I write to share the results of plans set forth during the Academic Reinvention initiative of the Magis Operational Excellence Program (MOE).  This message follows my April 27 message in which I described some specific actions and important themes.  Our goal was to maintain or improve academic excellence to create a distinctive SLU academic experience, delivered in a financially sustainable way.  We have started this journey with some important decisions and plans.

To date, academic units have committed to actions that will realize $13.3 million in value (the combination of cost reductions and new revenue) by FY 2020 -- and that’s approximately 95% of the target we were charged to achieve as part of the Academic Reinvention initiative.  Furthermore, academic units contributed significant additional savings to MOE in the organizational redesign initiative that led to the staff and administrative reductions announced by President Pestello in March.

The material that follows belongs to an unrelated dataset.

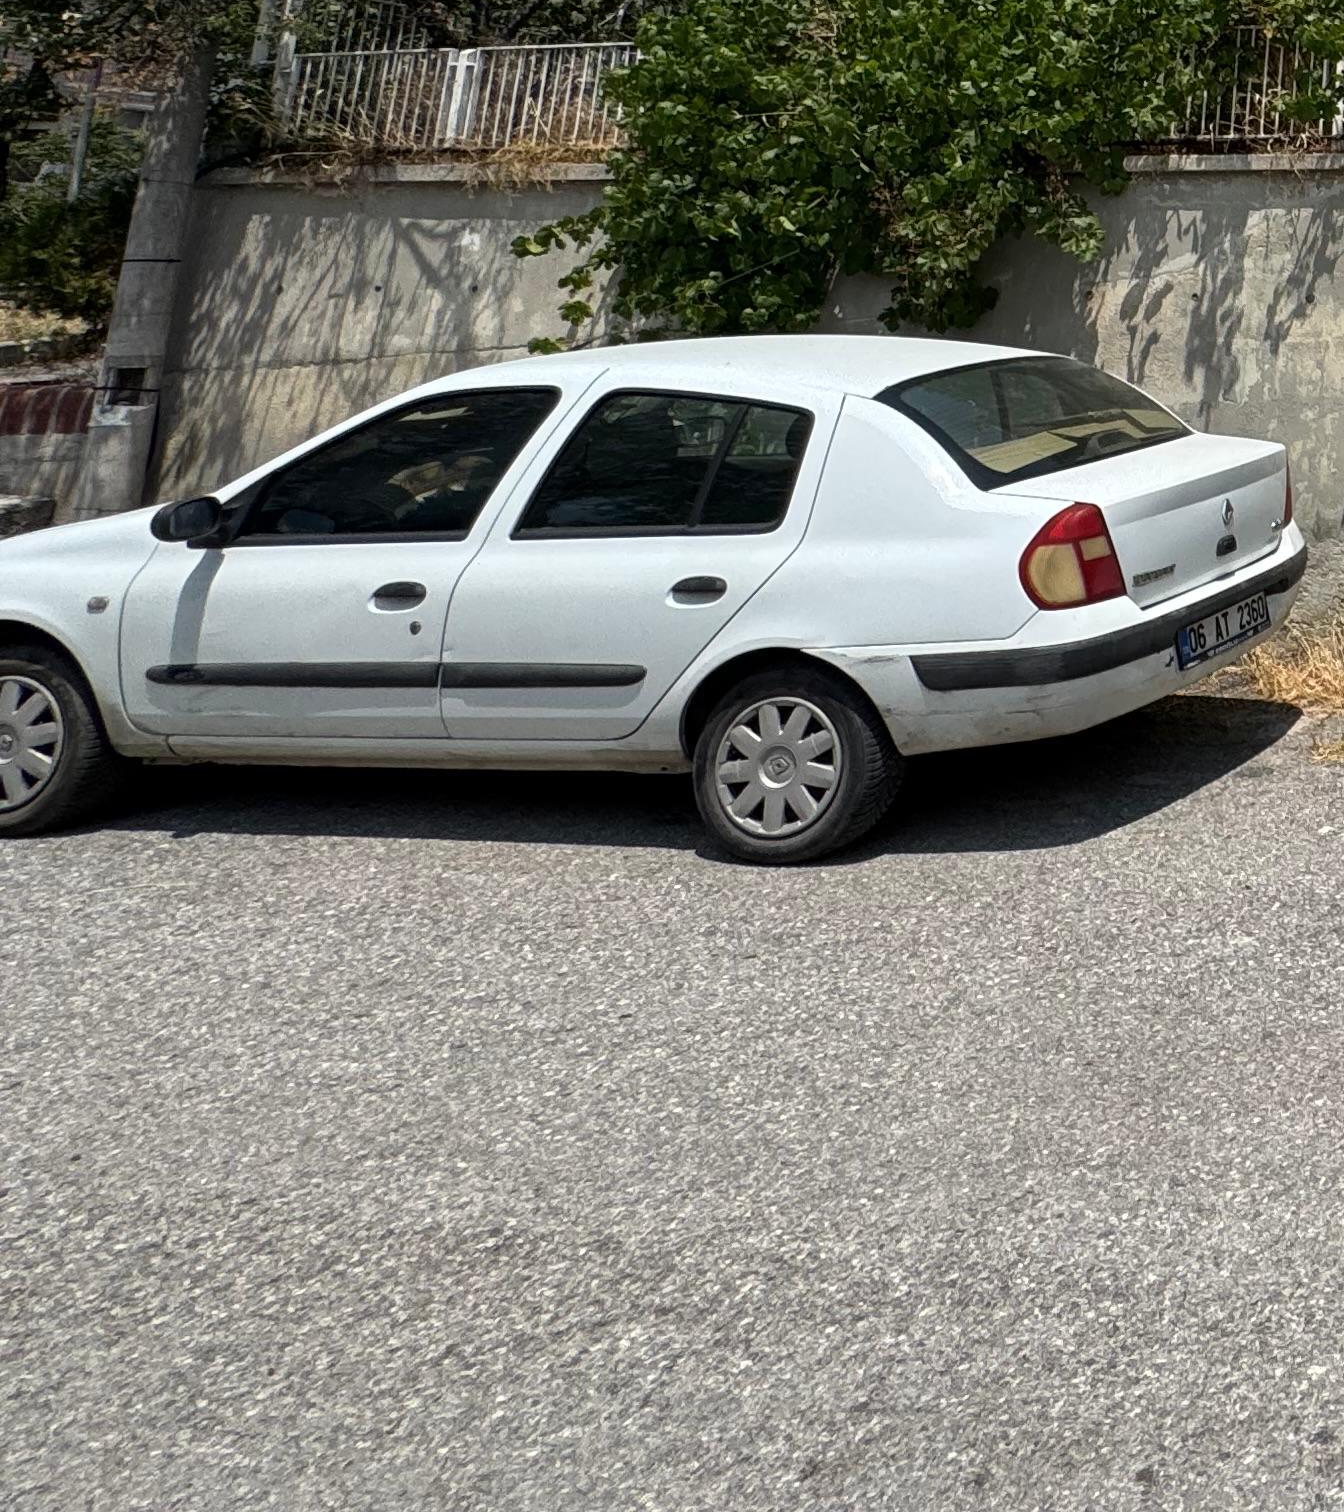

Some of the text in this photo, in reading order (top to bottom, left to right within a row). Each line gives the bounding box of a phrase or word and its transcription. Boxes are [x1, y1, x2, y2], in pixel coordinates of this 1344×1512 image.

[1188, 624, 1206, 653] 06
[1215, 611, 1230, 642] AT
[1237, 595, 1265, 631] 2360

Our progress to date is the result of several interrelated actions:

  1. We streamlined curricula and reduced faculty costs in programs with significant capacity; in doing so, we have ensured stronger, more stable enrollments in courses, and significantly reduced the number of courses with very small enrollments. From a financial standpoint, this was by far the most powerful driver of cost savings.  Nearly 80% of the roughly $10.6 million in cost-savings we will achieve by FY2020 is directly related to this effort.  About $1.5 million will come via personnel cost savings associated with the non-tenured faculty who received notices last week that their contracts will not be renewed, faculty resignations, phased retirements, contract term changes, elimination of graduate assistantships, and anticipated faculty attrition in the academic units.  We have accomplished all cost-savings under MOE without terminating any tenured faculty, and all notifications of contract non-renewal for non-tenure track faculty have been conducted in full compliance with the Faculty Manual.  The loss of faculty through non-renewal is very difficult for our academic community; we remain grateful for the hard work of all faculty, but especially the few whose positions have been eliminated and will be moving on to employment elsewhere in a year from now, or possibly sooner in some cases.
  2. We solicited proposals from the faculty and deans for new, sustainable revenue resulting from new programs or the expansion of existing programs. Examples include summer online courses in the College of Arts and Sciences and expansion of the Physician Assistant program in Doisy College of Health Sciences.  Financially, new revenue from these proposals accounts for about 20% of that of the total value of $13.3 million.
  3. In some areas, organizational re-alignments of academic programs or departments are being implemented. For example, the Center for Health Care Ethics is moving into the College of Arts and Sciences, effective July 1st.  There are others, which I highlighted in my April 27 message, and additional re-organizations are under consideration.  For example, the Aviation program, in Parks College, is developing a business plan to operate as a financially self-sustaining unit.
  4. Cost-savings related to program disestablishments account for less than 5% of the $10.6 million in projected savings identified to date.  But program disestablishment allows us to continue our efforts to streamline our academic portfolio and focus on excellence throughout.  The Faculty Senate played an instrumental role in designing the process by which programs were disestablished.  The process, shared openly with the faculty, was consistent with the Faculty Manual and reflected my commitment to shared governance.  The list of all programs affirmed by the Board of Trustees for disestablishment can be found at:  While program disestablishments are a reflection of strategic priorities, we must remain fully committed to seeing that all students enrolled in our programs are cared for through the completion of their degrees.  The deans and faculty will connect with students to assure them that teach-out plans of program disestablishments will meet their needs without compromising rigor or academic quality.  There are 47 undergraduate and 28 graduate students currently enrolled in programs to be closed over the next few years.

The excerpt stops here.